The ADA Amendments Act of 2008 (ADAAA) required the Equal Employment Opportunity Commission (EEOC) to amend its ADA regulations. The final regulations were just published on March 25, 2011, and are effective May 24, 2011. There is no doubt that the Act and final regulations offer protection to a much broader group of individuals which employers may not have previously considered to be disabled. Employers need to be more alert than ever about whether an employee's work restrictions, off-hand or other indirect comments trigger the ADAAA and should also become familiar with which conditions are now considered disabilities for which an accommodation may need to be provided.

Traditionally, employers have defended ADA disability lawsuits by arguing that the employees with work restrictions were not covered by the Act because they did not have disabilities. The ADAAA and the final regulations have expanded the definition of disability. An employee is disabled if they can establish one of three criteria: he or she (1) has a physical or mental impairment that substantially limits one or more of the major life activities of such an individual; (2) has a record of such impairment; or (3) is regarded as having such impairment.

The meaning of the language "substantially limits" and "major life activities" has changed. Courts previously defined these terms to mean a significant restriction on an activity that is of central importance to most people's daily lives. For example, moderate restrictions were not considered disabilities under prior law, where now the same conditions or restrictions may in fact rise to the level of a protected disability.

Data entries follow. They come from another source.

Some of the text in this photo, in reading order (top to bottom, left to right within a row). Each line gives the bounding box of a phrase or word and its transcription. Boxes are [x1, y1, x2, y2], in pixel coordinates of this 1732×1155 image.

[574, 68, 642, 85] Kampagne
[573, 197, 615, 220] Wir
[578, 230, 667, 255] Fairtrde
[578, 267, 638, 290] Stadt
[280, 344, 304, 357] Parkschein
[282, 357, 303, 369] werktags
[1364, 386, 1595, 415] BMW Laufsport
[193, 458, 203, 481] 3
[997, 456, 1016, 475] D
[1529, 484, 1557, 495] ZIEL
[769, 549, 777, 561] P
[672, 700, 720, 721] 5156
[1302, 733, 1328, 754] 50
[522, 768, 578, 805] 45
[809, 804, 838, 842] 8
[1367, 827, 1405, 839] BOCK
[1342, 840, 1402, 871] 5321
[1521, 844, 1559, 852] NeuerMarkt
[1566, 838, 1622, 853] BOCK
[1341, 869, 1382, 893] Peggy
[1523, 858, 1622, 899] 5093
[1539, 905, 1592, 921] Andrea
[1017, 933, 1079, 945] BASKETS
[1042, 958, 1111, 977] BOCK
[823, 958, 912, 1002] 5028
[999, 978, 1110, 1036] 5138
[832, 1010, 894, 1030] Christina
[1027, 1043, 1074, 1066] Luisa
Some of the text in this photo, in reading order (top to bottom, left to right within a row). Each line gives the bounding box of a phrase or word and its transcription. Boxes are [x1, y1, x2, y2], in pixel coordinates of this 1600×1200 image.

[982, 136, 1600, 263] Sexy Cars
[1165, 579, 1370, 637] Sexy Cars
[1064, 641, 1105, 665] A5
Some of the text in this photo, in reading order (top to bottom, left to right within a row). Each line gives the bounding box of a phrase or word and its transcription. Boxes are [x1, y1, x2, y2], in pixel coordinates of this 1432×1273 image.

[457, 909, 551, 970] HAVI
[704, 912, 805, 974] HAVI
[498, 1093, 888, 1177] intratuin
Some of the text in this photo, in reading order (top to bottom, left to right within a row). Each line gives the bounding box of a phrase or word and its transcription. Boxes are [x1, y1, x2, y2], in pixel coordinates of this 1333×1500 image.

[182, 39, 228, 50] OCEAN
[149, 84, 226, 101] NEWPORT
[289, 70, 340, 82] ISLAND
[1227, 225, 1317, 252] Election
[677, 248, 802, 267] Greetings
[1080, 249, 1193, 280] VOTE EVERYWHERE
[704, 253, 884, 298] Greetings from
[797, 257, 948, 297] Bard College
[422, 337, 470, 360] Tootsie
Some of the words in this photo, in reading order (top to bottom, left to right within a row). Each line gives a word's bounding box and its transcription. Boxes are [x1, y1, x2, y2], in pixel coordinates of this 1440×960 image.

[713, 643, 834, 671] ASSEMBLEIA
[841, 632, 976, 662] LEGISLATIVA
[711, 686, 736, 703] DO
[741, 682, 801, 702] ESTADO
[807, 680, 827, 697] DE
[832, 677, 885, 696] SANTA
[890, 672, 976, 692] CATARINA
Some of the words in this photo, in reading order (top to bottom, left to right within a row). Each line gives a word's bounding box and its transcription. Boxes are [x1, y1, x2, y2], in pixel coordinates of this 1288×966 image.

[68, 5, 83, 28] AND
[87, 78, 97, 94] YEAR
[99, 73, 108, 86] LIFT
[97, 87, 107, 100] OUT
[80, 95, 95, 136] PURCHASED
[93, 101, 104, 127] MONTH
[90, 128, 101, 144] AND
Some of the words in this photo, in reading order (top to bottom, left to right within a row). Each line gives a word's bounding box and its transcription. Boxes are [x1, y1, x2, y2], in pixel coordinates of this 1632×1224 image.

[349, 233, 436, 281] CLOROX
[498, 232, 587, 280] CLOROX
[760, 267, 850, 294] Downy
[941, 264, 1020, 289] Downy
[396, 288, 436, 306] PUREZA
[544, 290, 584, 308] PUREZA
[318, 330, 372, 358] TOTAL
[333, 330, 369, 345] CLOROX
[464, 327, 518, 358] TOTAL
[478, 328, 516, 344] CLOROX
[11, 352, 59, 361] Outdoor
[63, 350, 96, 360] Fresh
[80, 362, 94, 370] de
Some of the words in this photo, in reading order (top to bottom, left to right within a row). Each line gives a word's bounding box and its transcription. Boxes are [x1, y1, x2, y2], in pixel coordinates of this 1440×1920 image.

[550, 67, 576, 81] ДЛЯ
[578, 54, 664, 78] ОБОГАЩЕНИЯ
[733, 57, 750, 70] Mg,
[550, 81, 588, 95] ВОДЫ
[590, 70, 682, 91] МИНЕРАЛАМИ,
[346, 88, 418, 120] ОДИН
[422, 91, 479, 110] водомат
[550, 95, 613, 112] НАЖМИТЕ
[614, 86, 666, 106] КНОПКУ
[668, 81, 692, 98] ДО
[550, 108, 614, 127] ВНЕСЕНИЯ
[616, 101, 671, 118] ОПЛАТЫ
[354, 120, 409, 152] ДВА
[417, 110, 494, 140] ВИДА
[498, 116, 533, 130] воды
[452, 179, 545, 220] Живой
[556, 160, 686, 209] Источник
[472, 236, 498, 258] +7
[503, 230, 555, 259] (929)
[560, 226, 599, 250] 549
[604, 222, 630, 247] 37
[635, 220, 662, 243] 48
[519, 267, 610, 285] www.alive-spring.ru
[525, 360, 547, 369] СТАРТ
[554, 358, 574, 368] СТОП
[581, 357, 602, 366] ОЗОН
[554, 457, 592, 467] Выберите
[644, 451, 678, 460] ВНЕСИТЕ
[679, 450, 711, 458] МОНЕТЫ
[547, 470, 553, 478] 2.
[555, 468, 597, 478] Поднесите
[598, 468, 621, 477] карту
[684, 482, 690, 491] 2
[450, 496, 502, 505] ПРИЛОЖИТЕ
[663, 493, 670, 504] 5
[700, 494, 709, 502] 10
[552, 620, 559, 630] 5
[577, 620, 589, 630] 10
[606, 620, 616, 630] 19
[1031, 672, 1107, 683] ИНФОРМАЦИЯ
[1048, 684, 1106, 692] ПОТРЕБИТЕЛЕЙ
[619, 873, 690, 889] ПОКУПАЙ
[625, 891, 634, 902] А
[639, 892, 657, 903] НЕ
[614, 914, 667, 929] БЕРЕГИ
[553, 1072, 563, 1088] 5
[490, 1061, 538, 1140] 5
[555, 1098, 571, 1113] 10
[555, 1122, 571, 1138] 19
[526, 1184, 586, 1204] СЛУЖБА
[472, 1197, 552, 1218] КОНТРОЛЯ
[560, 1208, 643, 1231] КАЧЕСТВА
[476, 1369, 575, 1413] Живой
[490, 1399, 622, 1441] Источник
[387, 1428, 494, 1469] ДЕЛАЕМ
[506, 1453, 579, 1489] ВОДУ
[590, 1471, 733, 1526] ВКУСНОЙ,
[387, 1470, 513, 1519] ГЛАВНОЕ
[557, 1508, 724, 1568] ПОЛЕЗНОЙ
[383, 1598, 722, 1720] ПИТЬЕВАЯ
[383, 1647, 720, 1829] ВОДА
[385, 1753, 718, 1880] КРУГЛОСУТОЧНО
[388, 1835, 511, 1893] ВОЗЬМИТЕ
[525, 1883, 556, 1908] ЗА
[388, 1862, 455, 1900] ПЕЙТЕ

The final regulations implement the expansion of the concept of both "substantially limits" and "major life activities." Major life activities now include the operation of major bodily functions involving the immune system, special sense organs, and skin; normal cell growth; and digestive, genitourinary, bowel, bladder, neurological, brain, respiratory, circulatory, cardiovascular, endocrine, hemic, lymphatic, musculoskeletal and reproductive functions. Most importantly, the regulations clarify that the term "major life activity" does not have to be a demanding standard or interpreted strictly nor does it matter if the activity is of central importance to daily life.

The final regulations do not provide a precise definition of "substantially limits," rather, establish guidelines for reviewing impairments to determine if the impairments create a substantial limitation. Thus, an impairment does not need to prevent, or significantly or severely restrict, an individual from performing a major life activity in order to be substantially limiting. The degree of functional limitation is to be a much lower standard than under prior law. In order to determine whether an impairment substantially limits a major life activity, employers are instructed to consider the conditions under which the individual performs the major life activity, the manner in which the individual performs the major life activity, and the duration of time it takes to perform the major life activity. The facts that may be considered in this regard are the effort or time required to perform a major life activity, pain experienced when performing the major life activity, the length of time that the major life activity can be performed, and the way an impairment affects a major bodily function.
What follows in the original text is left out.